When my daughter was young she brought home a pot bellied big. We had to build a kennel for it as the Aussies we had wouldn't leave her alone. We build it on our own, put a top and a bottom on it - make it extra long and used zip ties on each spacer to ensure no pokie nosed dog could get at the pig. That was at least 20 years ago and the kennel still stands and is being used by my sister.


----------



## BlackPuppy (Mar 29, 2007)

I bought some Options Plus to arrange as fencing, but I saw at Lowes a really nice setup in black for about $300 that I wish I had seen first. 
Shop Behlen Country 10'L x 5'W x 6'H Welded-Wire Kennel at Lowes.com_

Other kennels at Lowes.
http://www.lowes.com/pl_Pet+Containment+and+Kennels_4294822989_4294937087_

Also check out Tractor Supply. Prices there are usually pretty good. 
Tractor Supply Company - Pet Kennels & Pens


----------



## BlackPuppy (Mar 29, 2007)

Daily Euro-USD exchange. Today one Euro is $1.25.

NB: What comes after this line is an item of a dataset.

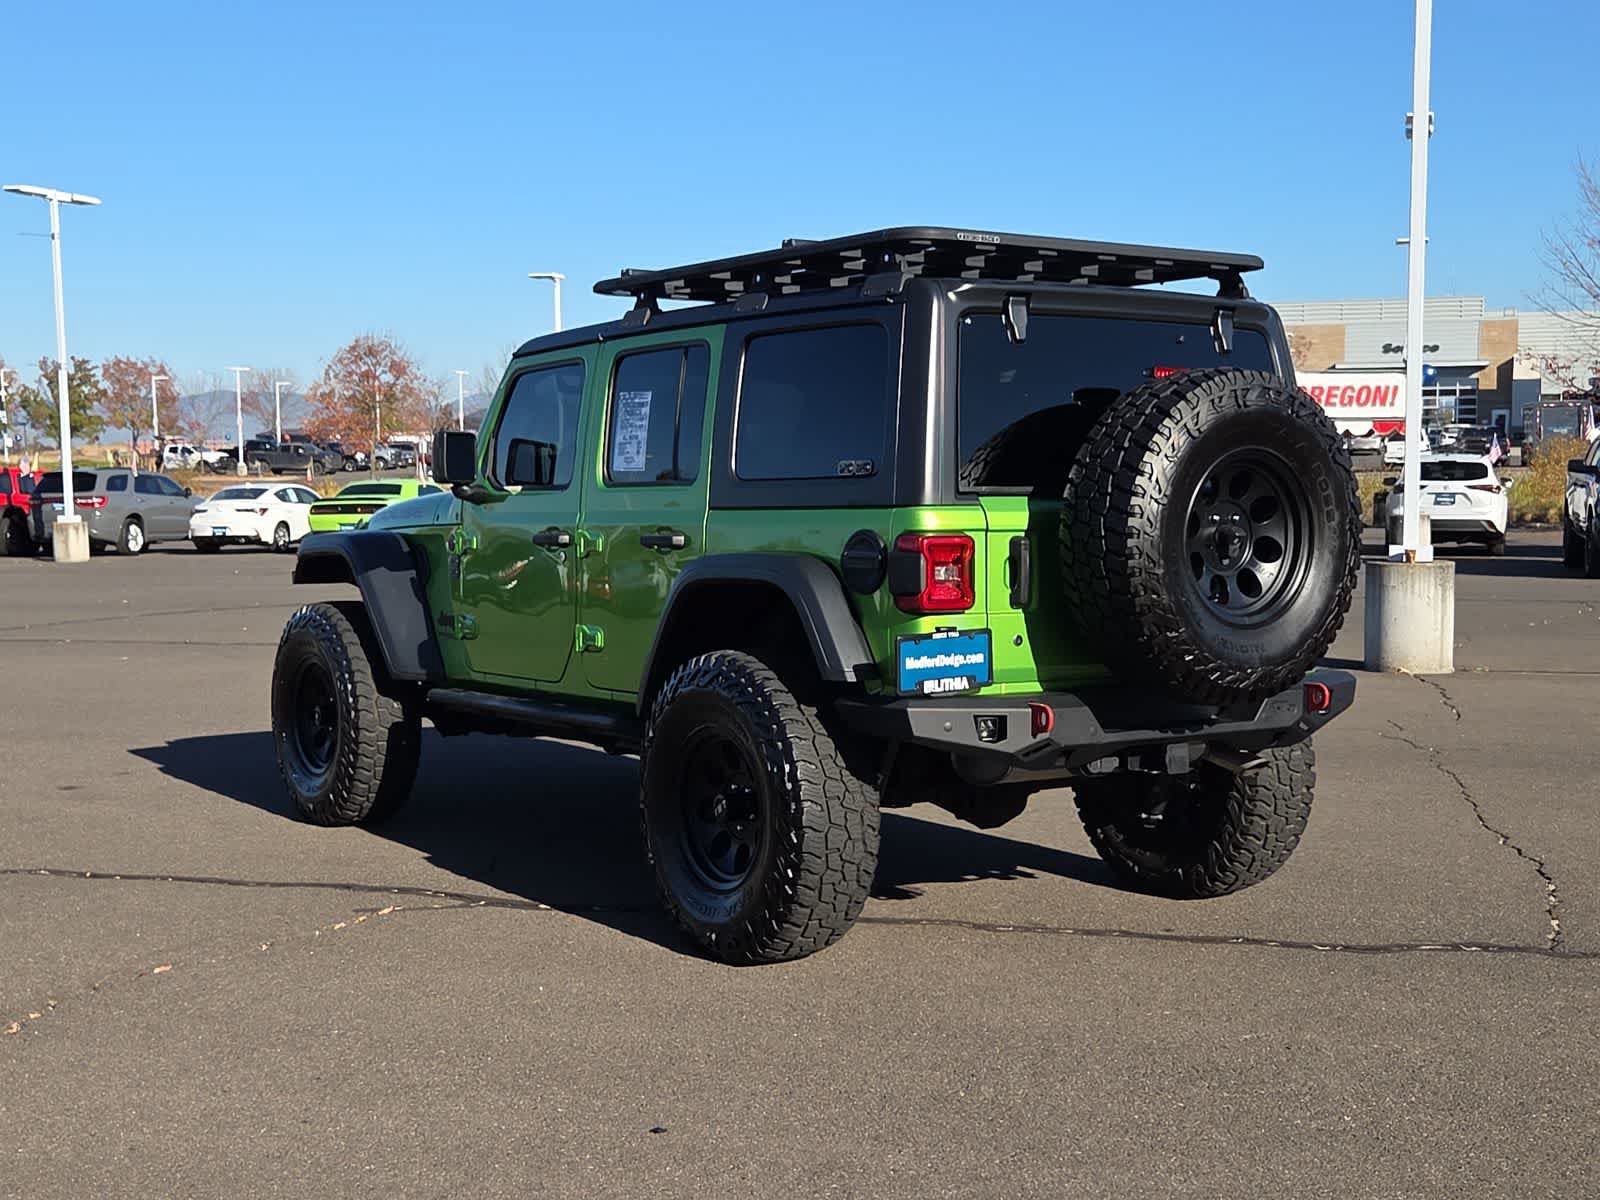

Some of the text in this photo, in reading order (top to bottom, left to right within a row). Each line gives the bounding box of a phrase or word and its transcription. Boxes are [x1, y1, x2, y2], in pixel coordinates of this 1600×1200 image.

[1382, 343, 1439, 354] Sece
[1299, 385, 1399, 407] REGON!
[906, 653, 984, 670] MedfordDodge.com

EUR/USD Currency Conversion Chart - Yahoo! Finance


----------



## gagsd (Apr 24, 2003)

When you get to the USA, if you are in the southeast, our club TD makes fabulous, really strong galvanized kennel panels (and vehicle transports).
They are expensive, but less than you will spend by buying over there and transporting I would think.
If interested, let me know and I will send you his contact information.


----------



## arycrest (Feb 28, 2006)

My stand-alone kennel panels came from Long Fence Company in Odenton, MD. They're 30some years old and still in good condition - I bought them used from my sister 20some years ago. They weren't cheap even back then, and have gone thru a lot of abuse including hurricanes, an F1 tornado, snow storms with 5' drifts, ice storms, etc. I've only had one dog get out of it - Niki - who could scale it in a heartbeat.


----------



## LARHAGE (Jul 24, 2006)

I had a horse stall manufacturer make mine, I had them made to my size preference and used the heavy duty gauge chain link, not the flimsy stuff some home stores sell, then the ends were bolted onto a cement slab I had poured and they are strong enough to hold a horse, there is NO WAY a dog could get out of these.


----------



## Cluemanti (Jun 25, 2010)

gagsd said:


> When you get to the USA, if you are in the southeast, our club TD makes fabulous, really strong galvanized kennel panels (and vehicle transports).
> They are expensive, but less than you will spend by buying over there and transporting I would think.
> If interested, let me know and I will send you his contact information.


Could you send me his contact info.

Some of these are great ideas. The kennels people custom made if you can could you post pics of the work?


----------



## Mrs.K (Jul 14, 2009)

We are going to New York State. Don't know how far that is away but it seems to be quite a drive from NY to Georgia.


----------



## selzer (May 7, 2005)

I custom built mine. I designed them, but had a contractor build them. I told them they would have to be able to hold a bear. 

We used treated 4x4 posts set in concrete, concrete base, with nine guage chain link. The kennels are covered over with 11 guage chain link. Also top and bottom are treated 2x4s for strength. None of my dogs have gotten out of any of them. But they do not try to either. 

The crappy boxed chain link kennels are 13 gage wire and VERY flimsy. 

I use plastic tie wraps to hold the sun screens on, but that is all. Good idea though. When I have x-pens for the puppies around, and run out of clips, I sue tie wraps. 

Sometimes I think my life is being held together by tie wraps and shoe laces. LOL.


----------



## AbbyK9 (Oct 11, 2005)

I would wait until you get here before buying a kennel.

There's the Tractor Supply Company in Watertown, which sells pre-made kennels that you can buy either as a kit or in separate sections to fit your size needs. They have both the chain-link wire kind as well as the powder-coated, welded-wire kind. I believe the feed store in Gouverneur also sells them.

There are also A LOT of Amish up here who do custom woodwork, so if you wanted one built that is mostly wood with an enclosed area for the dog to go into when the weather is bad and an open area that has chain-link or other wire covering it, that would be a good way to get it built.

There's also the Boces (trade school). My neighbor's horse equipment barn was built by kids from the Boces and very inexpensive for her, and it turned out really nice.

And you can buy pre-fab kennels that are wood and chainlink. There is a place on Route 11 in Philadelphia that builds all kinds of barns, dog kennels, etc. Their kennels are pretty pricey (like $1,000) but really, really nice.


----------